Hi there,
I'm using EdgeR to analyze my RNAseq data. I have 2 questions: 1) It seems normLibSizes() does similar job as calcNormFactors (I've checked). What difference do they make, and under what situation?
2) I've got a MDS graph with colored labels on the plot. But I wanted to make a MDS plot showing colored shapes (i.e., dots and squares) with a label legend.

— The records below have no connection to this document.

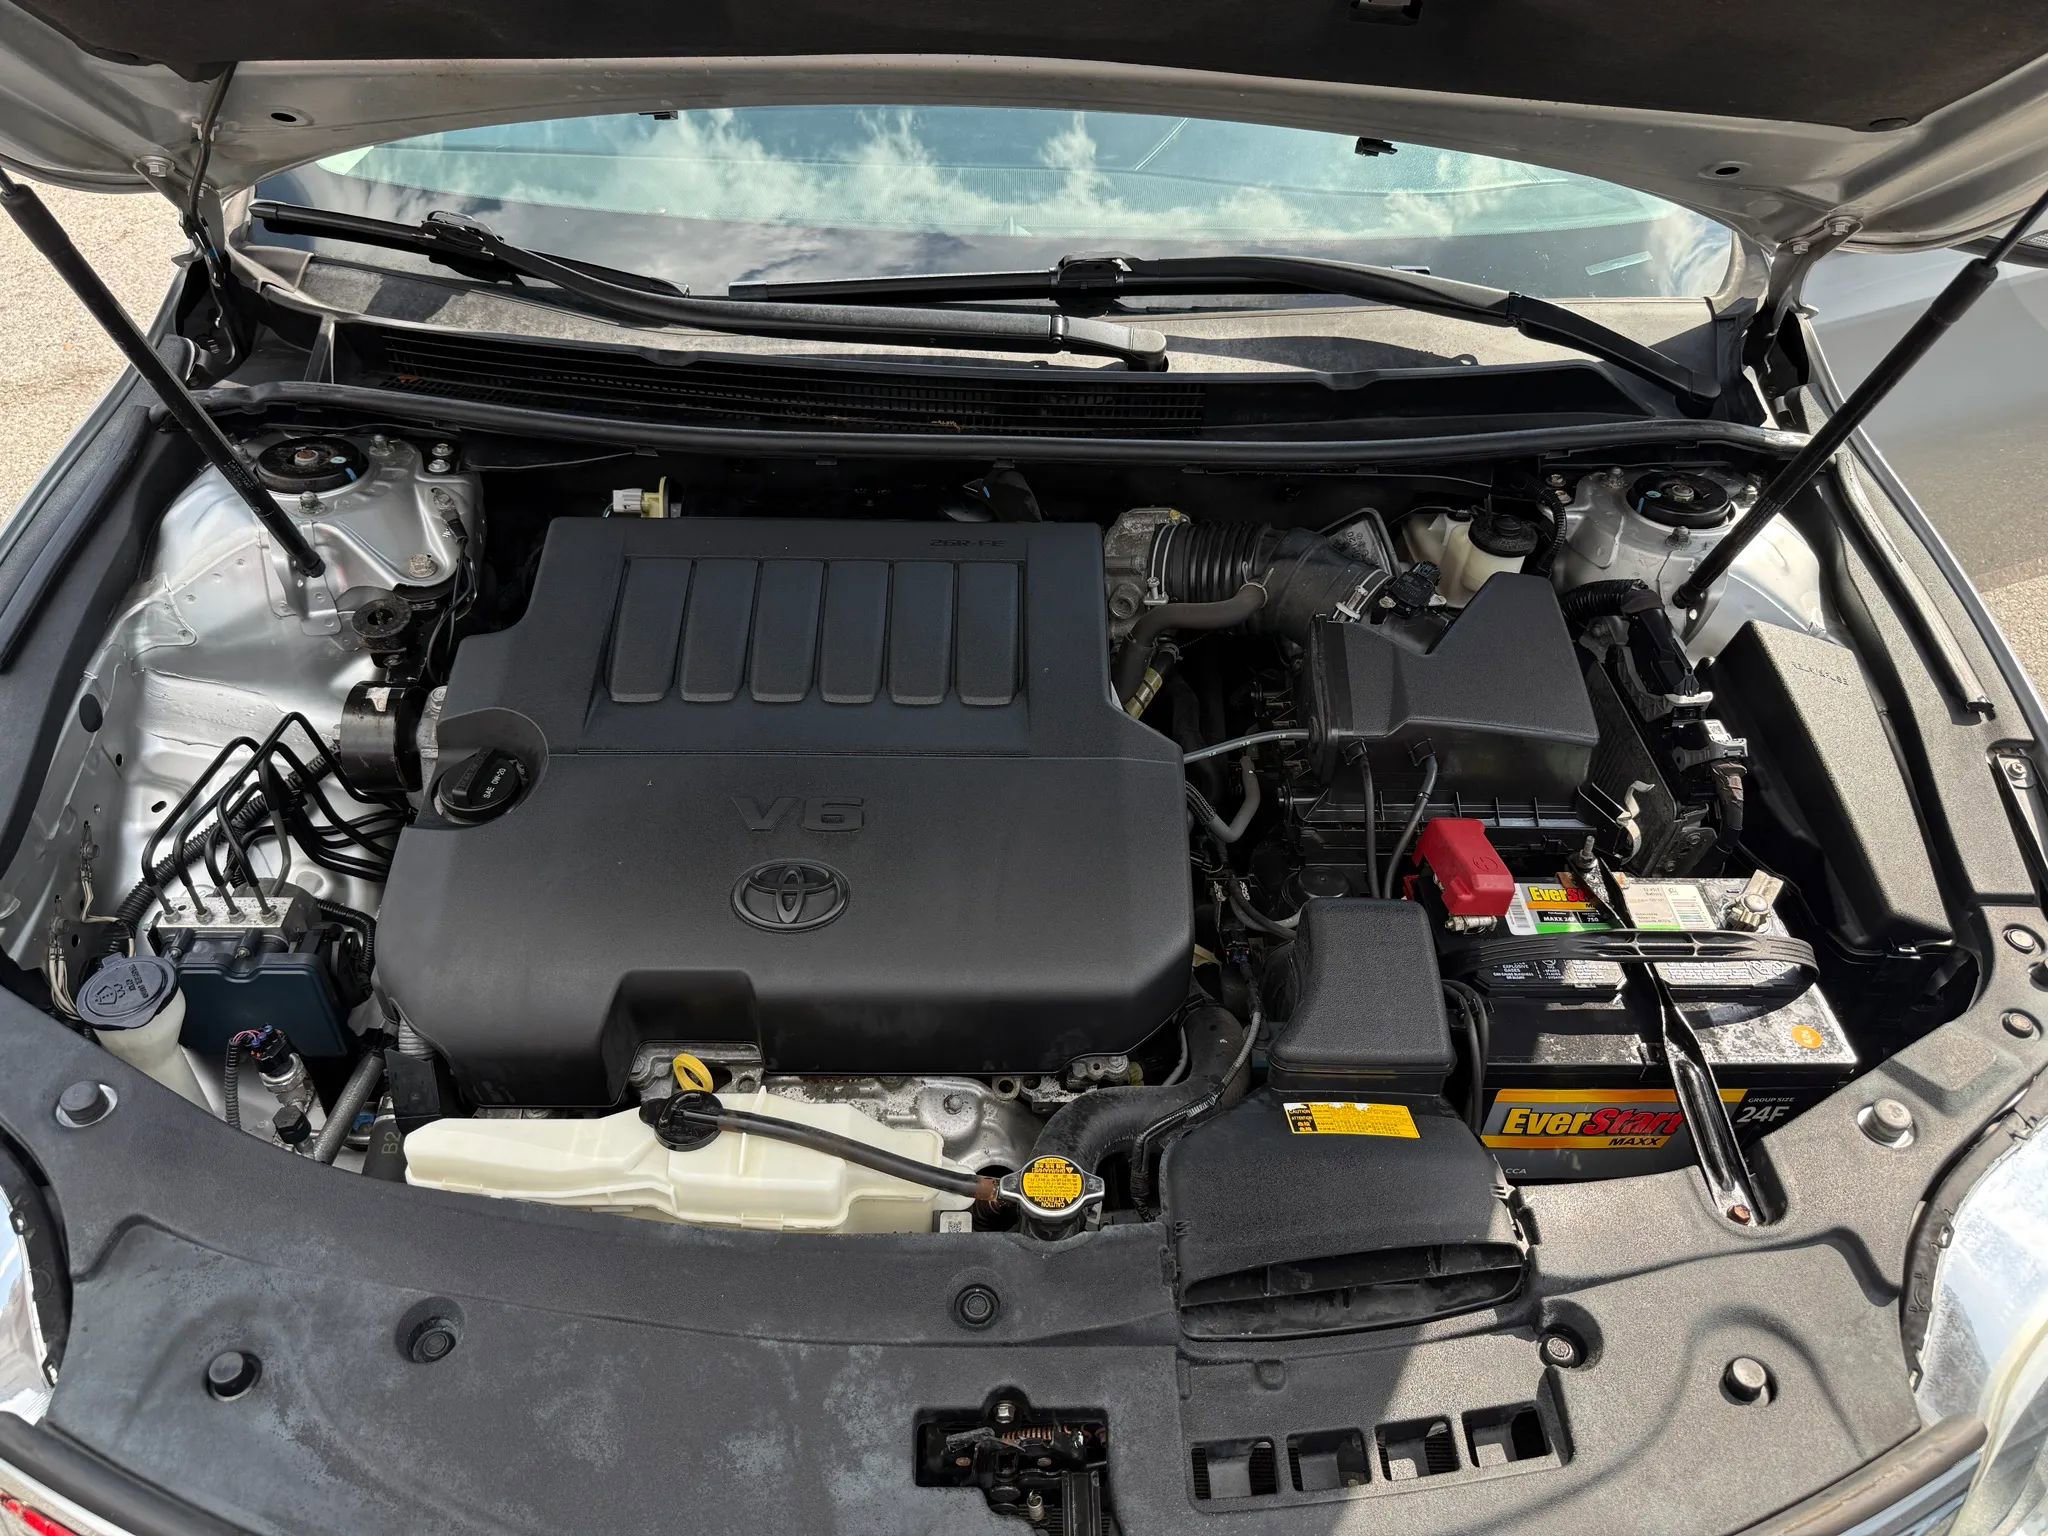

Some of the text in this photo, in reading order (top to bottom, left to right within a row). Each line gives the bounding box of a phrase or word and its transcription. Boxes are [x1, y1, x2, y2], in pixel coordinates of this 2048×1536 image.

[482, 767, 506, 799] SAE 0W-20
[729, 796, 864, 832] V6
[1501, 1107, 1685, 1136] EverStart
[1736, 1105, 1790, 1123] 24F
[381, 1131, 402, 1155] B2
[1608, 1137, 1661, 1146] MAXX
[1505, 1167, 1527, 1175] CCA
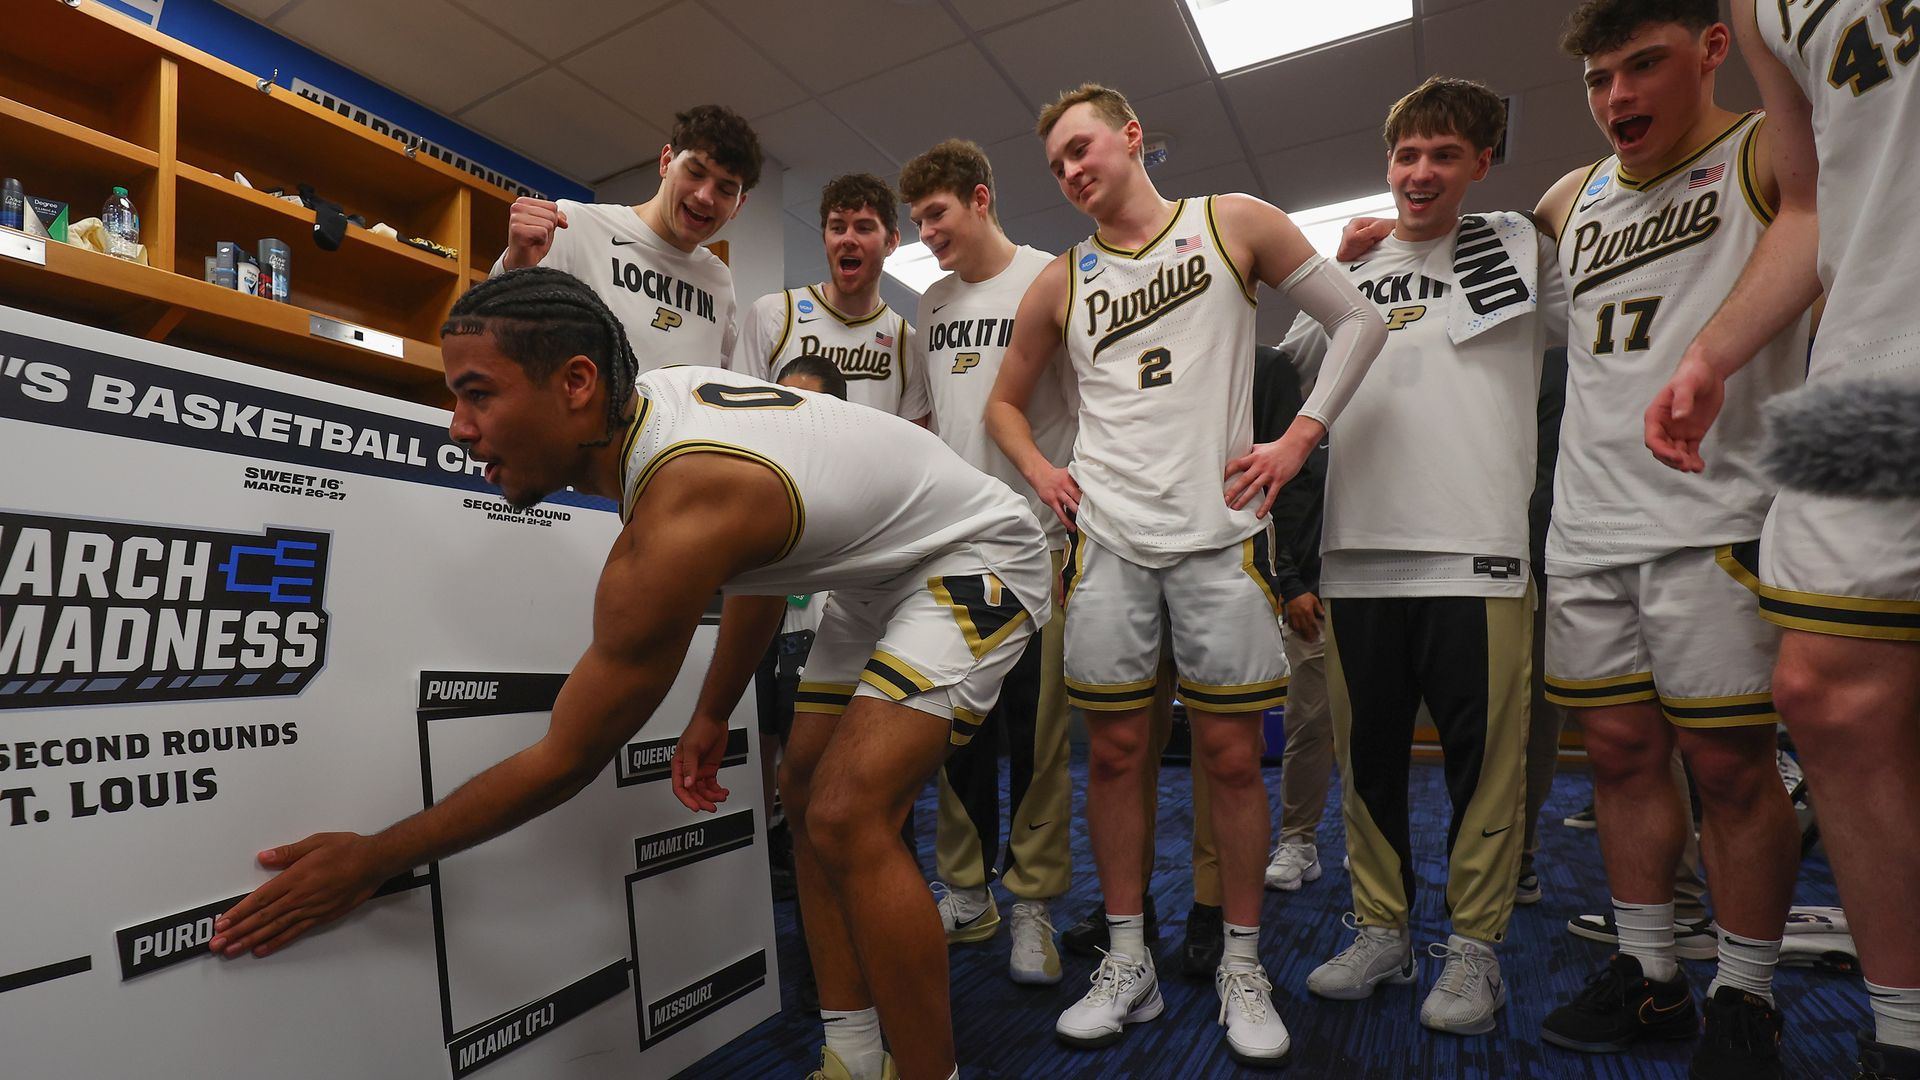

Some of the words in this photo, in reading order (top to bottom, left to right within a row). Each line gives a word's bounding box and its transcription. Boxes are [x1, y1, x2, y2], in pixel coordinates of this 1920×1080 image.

[1827, 0, 1920, 97] 45
[34, 199, 58, 209] Degree
[1569, 190, 1722, 277] Purdue
[612, 257, 673, 306] LOCK
[675, 279, 695, 312] IT
[696, 288, 716, 324] IN.
[1084, 254, 1213, 337] Purdue
[1357, 272, 1414, 305] OCK
[651, 306, 683, 331] P
[929, 320, 974, 352] LOCK
[974, 319, 998, 347] IT
[1592, 296, 1664, 356] 17
[951, 352, 981, 375] P
[1137, 346, 1173, 390] 2
[0, 354, 71, 403] 'S
[87, 374, 427, 467] BASKETBALL
[691, 382, 807, 411] 0
[243, 480, 303, 495] MARCH
[304, 488, 347, 501] 26-27
[244, 466, 317, 487] SWEET
[487, 512, 525, 524] MARCH
[527, 517, 553, 528] 21-22
[525, 508, 571, 521] ROUND
[0, 525, 212, 601] ARCH
[426, 680, 499, 700] PURDUE
[162, 722, 298, 756] ROUNDS
[69, 767, 218, 818] LOUIS
[640, 834, 682, 862] MIAMI
[684, 828, 705, 848] (FL)
[133, 913, 223, 966] PURD
[654, 982, 713, 1027] MISSOURI
[459, 1020, 521, 1070] MIAMI
[525, 1002, 555, 1036] (FL)

My metadata would look like:
sample var time
JB0-1 JB 0h
JB0-2 JB 0h
JB0-3 JB 0h
JB10-1 JB 10h
JB10-2 JB 10h
JB10-3 JB 10h
...
LP0-1 LF 0h
LP0-2 LF 0h
LP0-3 LF 0h
LP10-1 LF 10h
LP10-2 LF 10h
LP10-3 LF 10h
...
Your kind help will be highly appreciated!
Jay
x <- read.csv(file="JB_LF.csv", header = TRUE, row.names = 1)
x <- as.matrix(x) # coerce to be matrix
# data has 2 var (LB vs LP) on 9 timepoints (0~8) with 3 reps)
group <- scan(text="JB0 ... JB8 ... LP0 ... LP8", what="")
group <- factor(group)
y <- DGEList(counts=x, group=group)
y$samples
# filter out genes with low counts
keep <- filterByExpr(y, group=group)
y_filter <- y[keep, , keep.lib.sizes=FALSE]
# TMM
y_filter_norm <- calcNormFactors(y_filter)
y_filter_norm$samples
# calculate CPM
cpm_counts<-cpm(y_filter_TMM, normalized.lib.sizes = T)
write.csv(cpm_counts, file = "JB_LF_NormCPM_filter.csv")
# plot MDS
col <- as.numeric(group)
plotMDS(cpm_counts, col = col)
Thank you so much! Your advice on becoming good at R is definitely true!